Lately I’ve been bussy working at the Rijksuniversiteit Groningen as ‘one day a week’  systemadministrator/programmer.

One of the first jobs that was assigned to me was reorganizing a set of 14 computers. These computers run ‘exhibits’ so people interested in going to the university can see what we do. The old setup was kinda odd, all computers where attached to 4 remote controlled powerinterupters and each morning someone at the reception, or me turned on then powerinterupters and each computer turned on because “wake on power” was turned on in their bioses.

Each afternoon someone would again turn off the powerinterupters and each computer would just stop because the power ran out.

If there was something wrong with a computer, you’d just pick up your keys, keyboard and mouse and sat in front of the damn thing until it worked again.

I quickly started working on laying networkcables between all computers, setting up remote desktop configurations, configuring a sever to become a proxy/dhcp server/webserver and setting up all computers to “wake on lan.” After that the administration began, find each computers username, password and mac adress, and setting a helpful computername.

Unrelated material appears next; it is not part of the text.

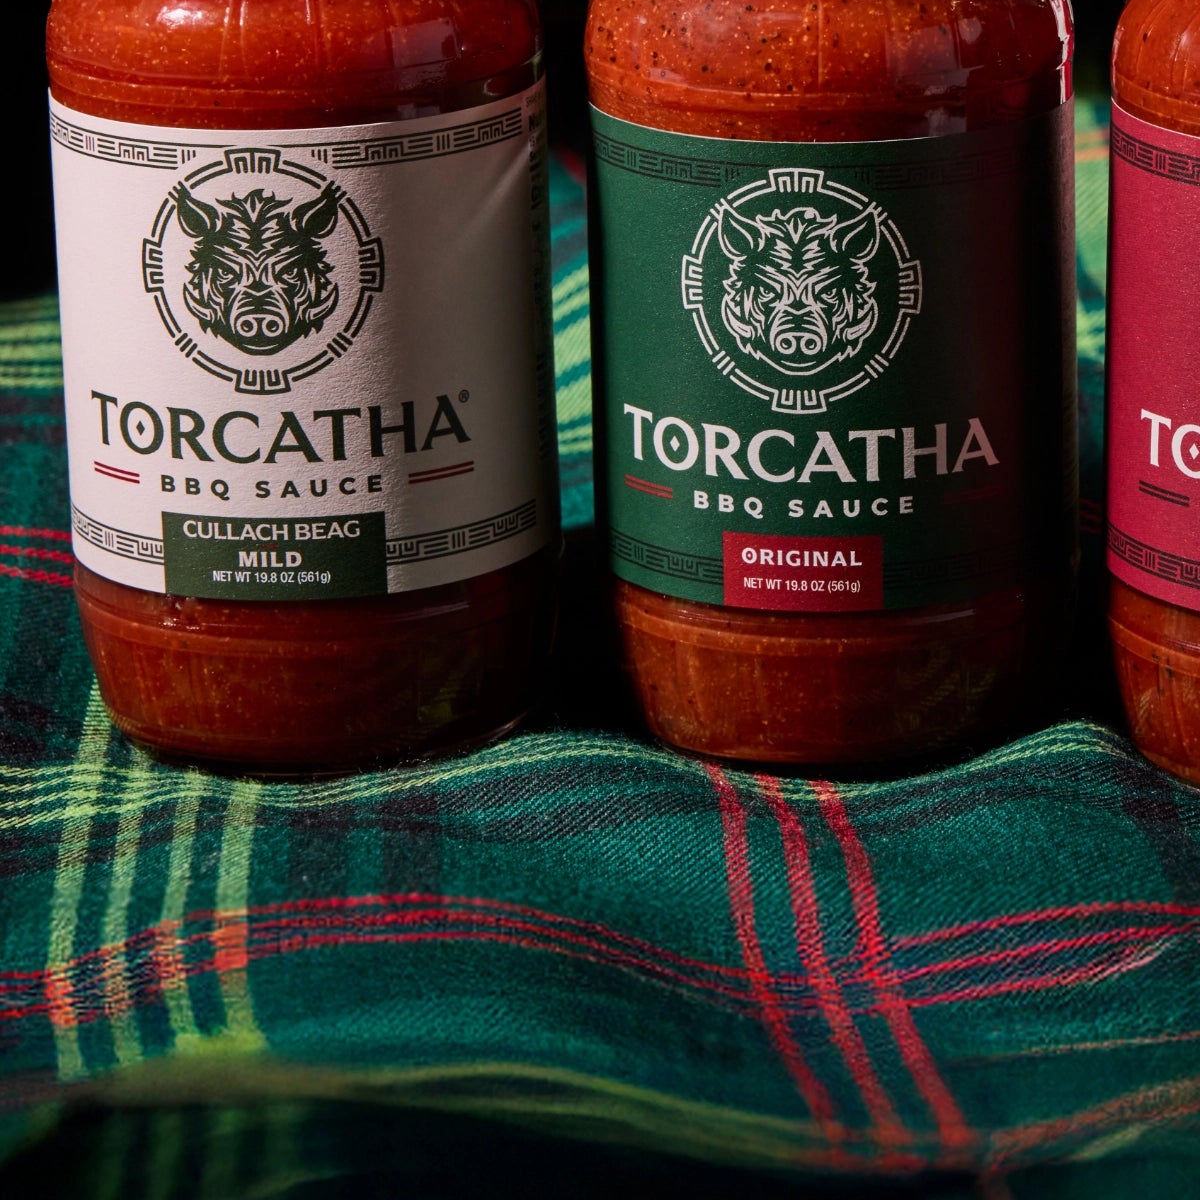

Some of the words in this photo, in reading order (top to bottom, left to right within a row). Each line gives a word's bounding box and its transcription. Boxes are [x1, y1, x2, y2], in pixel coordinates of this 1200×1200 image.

After these changes I could remote desktop to the server, and from there remote desktop to each connected computer, configure it, install new software, reboot it, etc… The proxy server blocked all websites except for the websites of the university so the computers could no longer be used for ‘bad browsing’.

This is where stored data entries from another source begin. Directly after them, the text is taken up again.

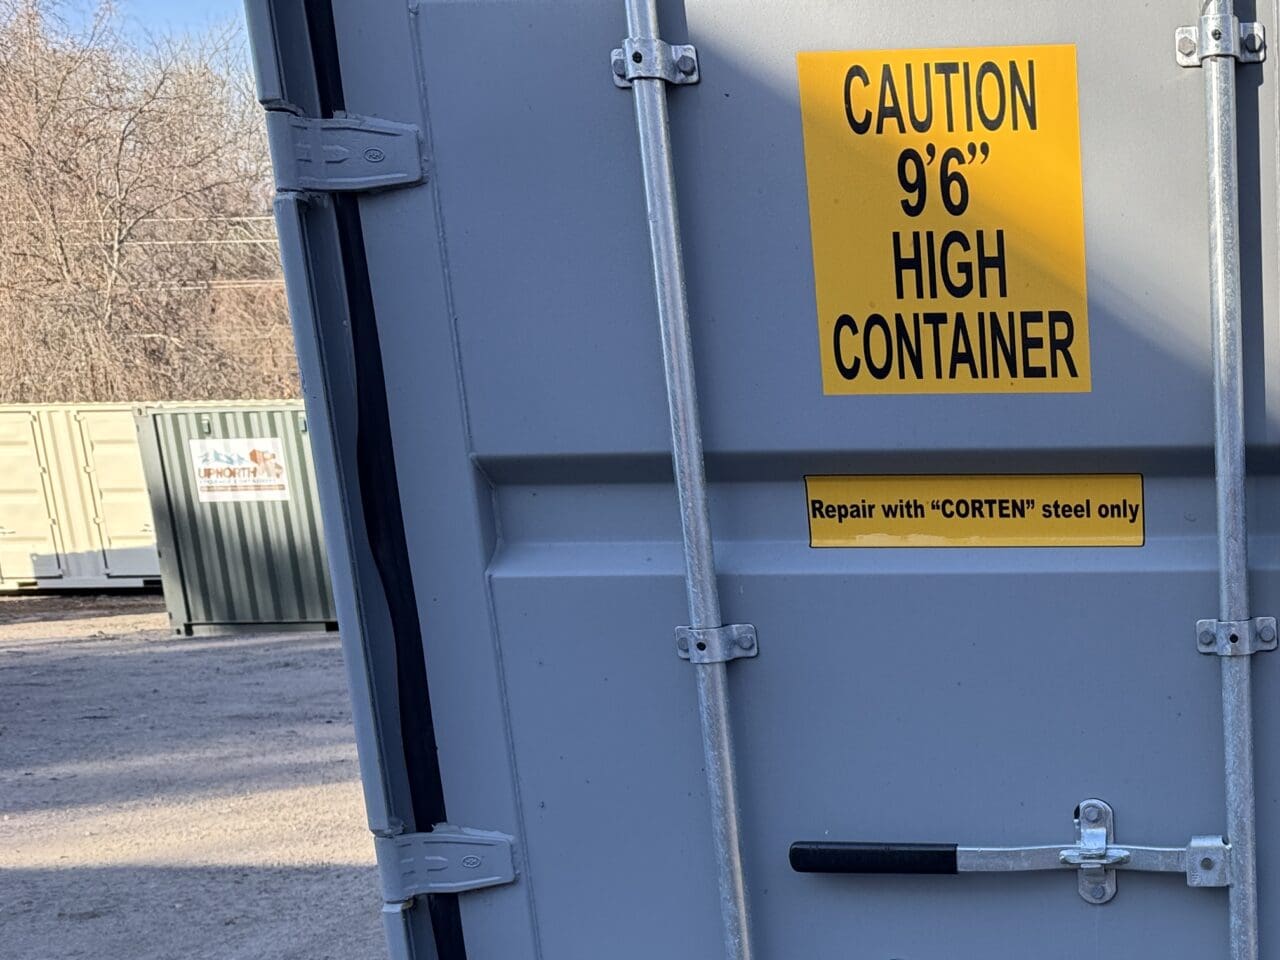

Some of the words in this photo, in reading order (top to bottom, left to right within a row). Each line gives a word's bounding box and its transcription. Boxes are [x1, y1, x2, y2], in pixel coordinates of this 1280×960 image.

[843, 60, 1037, 135] CAUTION
[892, 229, 1007, 300] HIGH
[833, 310, 1079, 381] CONTAINER
[811, 499, 876, 523] Repair
[882, 499, 925, 519] with
[1042, 499, 1091, 518] steel
[1098, 499, 1140, 523] only
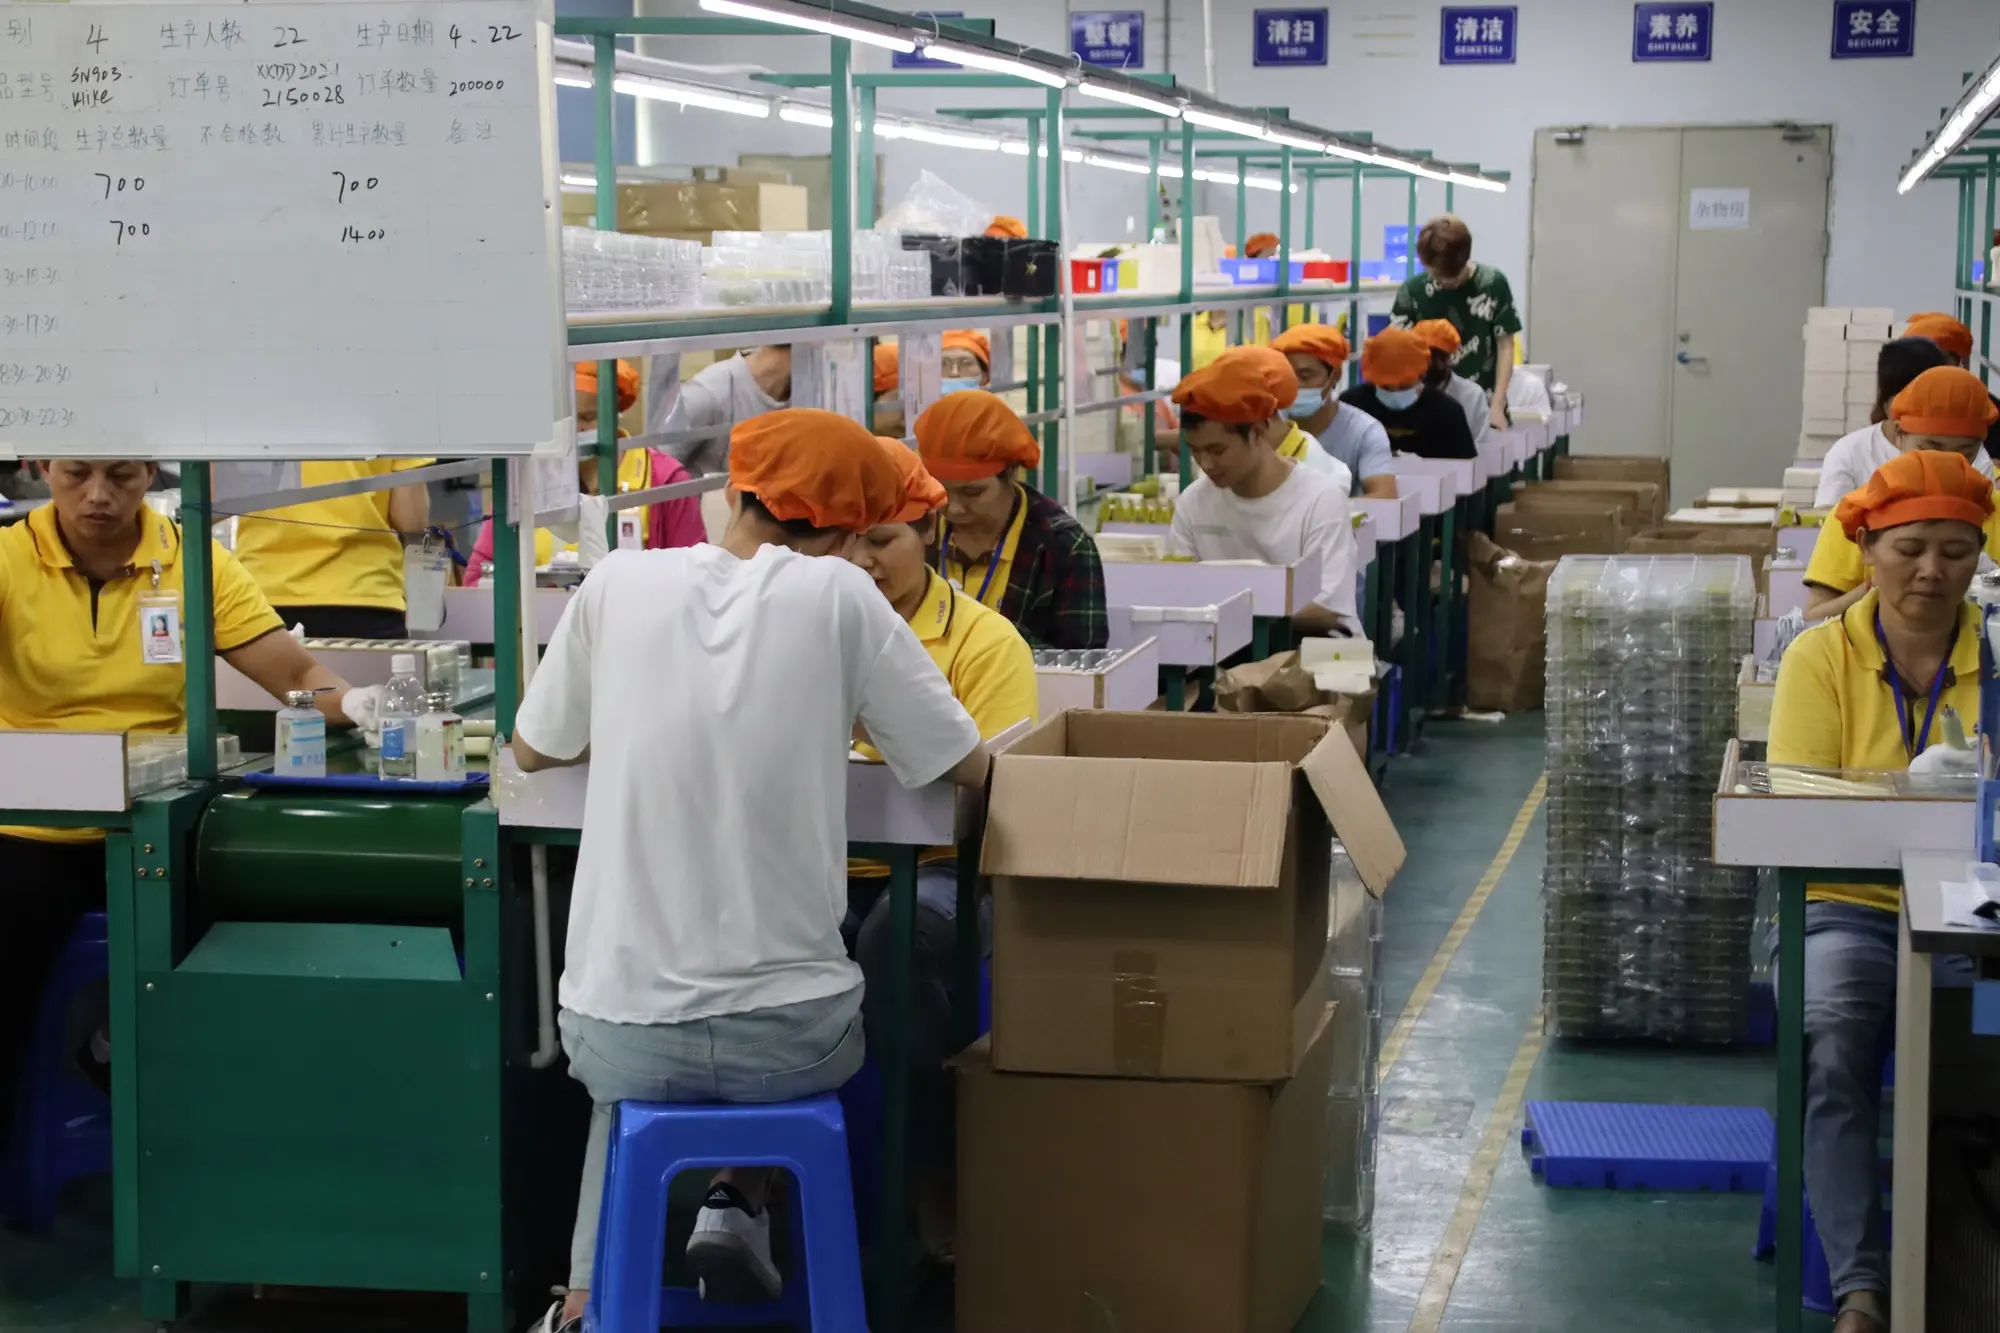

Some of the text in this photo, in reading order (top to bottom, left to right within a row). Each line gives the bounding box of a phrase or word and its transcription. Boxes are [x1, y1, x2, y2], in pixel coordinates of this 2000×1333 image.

[86, 23, 109, 54] 4
[160, 18, 247, 49] 生产人数
[273, 26, 308, 48] 22
[356, 18, 434, 49] 生产日期
[1267, 19, 1315, 45] 清扫
[1455, 16, 1504, 43] 清洁
[1649, 13, 1698, 39] 素养
[1849, 9, 1900, 36] 安全
[1847, 36, 1899, 49] SECURITY
[167, 71, 232, 102] 订单号
[262, 84, 345, 107] 2150028
[357, 67, 505, 98] 订单数量 200000
[5, 117, 496, 153] 时间段 生产总数量 不合格数 累计生产数量 备注
[95, 172, 146, 200] 700
[332, 171, 379, 204] 700
[110, 219, 150, 245] 700
[341, 225, 385, 244] 1400

There was still one thing that bothered me though, and that was not being able to see which computers where still working without logging in to each and every one of them. I also wasnt happy with still having to login in to the server to send the wake on lan packets in the morning, and shutting every computer down by login in again in the afternoon.

To overcome this problem I wrote two programs, creatively called ComputerManager and ComputerMonitor. ComputerMonitor is a small application that runs in the background and sends a “I’m alive” packet to ComputerMonitor every 2minutes, it also has a small listenserver running to listen to shutdown and reboot commands. I installed this on all 14 pc’s.

The ComputerManager program listens for those “I’m alive “ packets and keeps track of which computers have not send an “I’m alive” packet for 5 minutes and adds these to a “red list”. The computers that keep responding keep being updated in the “green list” with their last update time, computername and ip-adress.

The program also allows for saving mac adresses of computers. These mac adresses are used to wake-up all computers on 8:55 am. The program also sends a shutdown message to every computer on 6:05pm. This way my job got allot easier. Ofcourse it was allot of work at first but it was worth my effort.

As a final touch I created one more little program that can be run by an exec command in a php script. This allowed me to make a secure webpage where people other than me can only press two buttons: “Turn all on” and “Turn all off”.

I’m releasing the sourcecode of ComputerManager and Monitor to everyone. Allot is still hardcoded, and there are probably some bad design descissons here and there but it might be useful to someone. The asynchronous listen server is solid and a good learning example. There’s also allot of code dealing with win32 calls like shutdown and reboot.

The most recent version can be downloaded here

I won’t be actively updating or supporting this program since it was just written for my personal use, but if you got any questions or comments, feel free to ask.